5/28/13
Good morning, All,
Yahoo’s back and Marissa Mayer seems for all intents and purposes to be on a buying spree. Last week it was Tumblr and now they’ve thrown their hat in the ring to acquire Hulu. They supposedly bought Tumblr to attract a younger audience, and it is highly unlikely that they took the time to view this infographic before they dropped $1.1 billion to close the deal. Yeah, right. At last week’s CM Summit, Yahoo CMO Kathy Savitt reminded us of something that we had forgotten: that it was Yahoo that first made the web a daily habit. All of those websites out there and there was no way to find them, unless you knew the URL. Yahoo was a game changer. When they went public, they went on a buying spree and tried to be all things to all people: broadcast.com, geocities, to name two. They missed out on eBay and tried to build their own. Remember Yahoo auctions? Didn’t think so. They cast too wide a net too early on and it was unmanageable. The field was wide open and enter Google (which Yahoo passed on, just for the record). As for Yahoo’s acquisitions, closed and pending, let’s not forget that besides search, Yahoo is and always was a content company. Content and search were always Yahoo’s core competencies, and they seem to be returning to those roots that first made them successful. This time, with an eye to the future: native advertising (Ok, we know that contextual advertising has been around for a while and that only the name has been changed to deceive the clueless, much as the cloud is networked computing by any other name: gotta love the marketing department, and see what a little strategic marketing can do? A ‘new’ category is born.’ Take heed). But Mayer needs to give Tumblr time to continue to build their audience, and focus on long-term goals rather than short-term mandates.

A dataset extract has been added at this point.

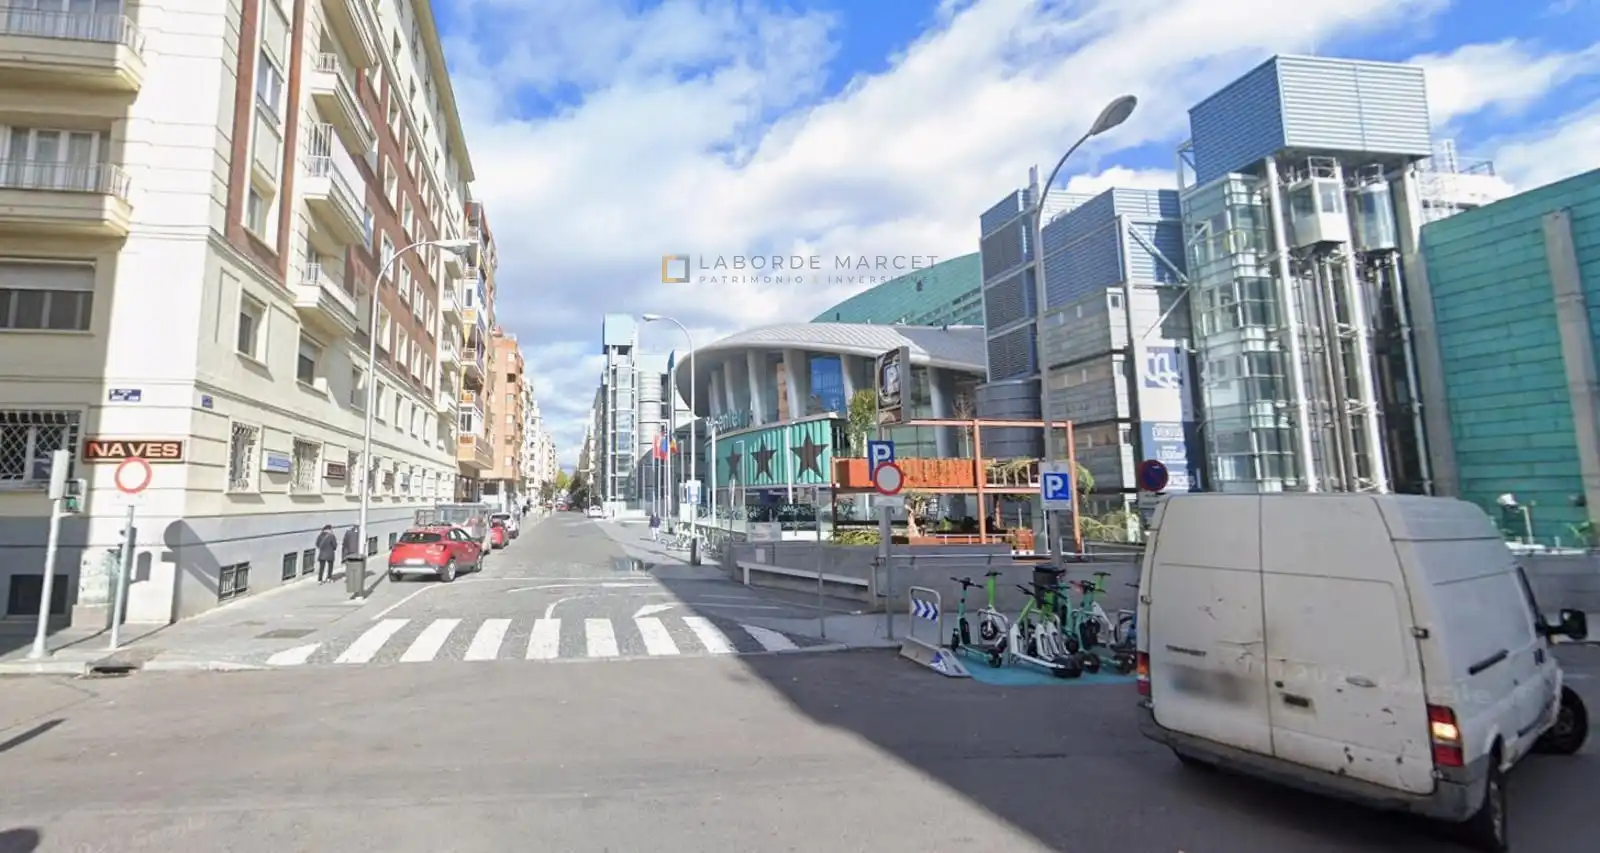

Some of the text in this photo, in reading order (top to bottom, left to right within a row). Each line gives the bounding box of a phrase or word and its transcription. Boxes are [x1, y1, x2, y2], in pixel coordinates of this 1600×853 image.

[88, 442, 179, 457] NAVES
[872, 444, 891, 470] P
[1046, 475, 1064, 499] P

Google started on a different path: Remember ‘Don’t Be Evil?’ (Google's Broken Promise: The End of "Don't Be Evil") That went down the same rabbit hole as did their privacy policy, monitoring your every keystroke while you’re on any and every google product, all in the name of giving you a better online experience, and never mind that they’re facing yet another anti-trust probe over their display ads. Speaking of the old days, head’s up, Google: push technologies didn’t work.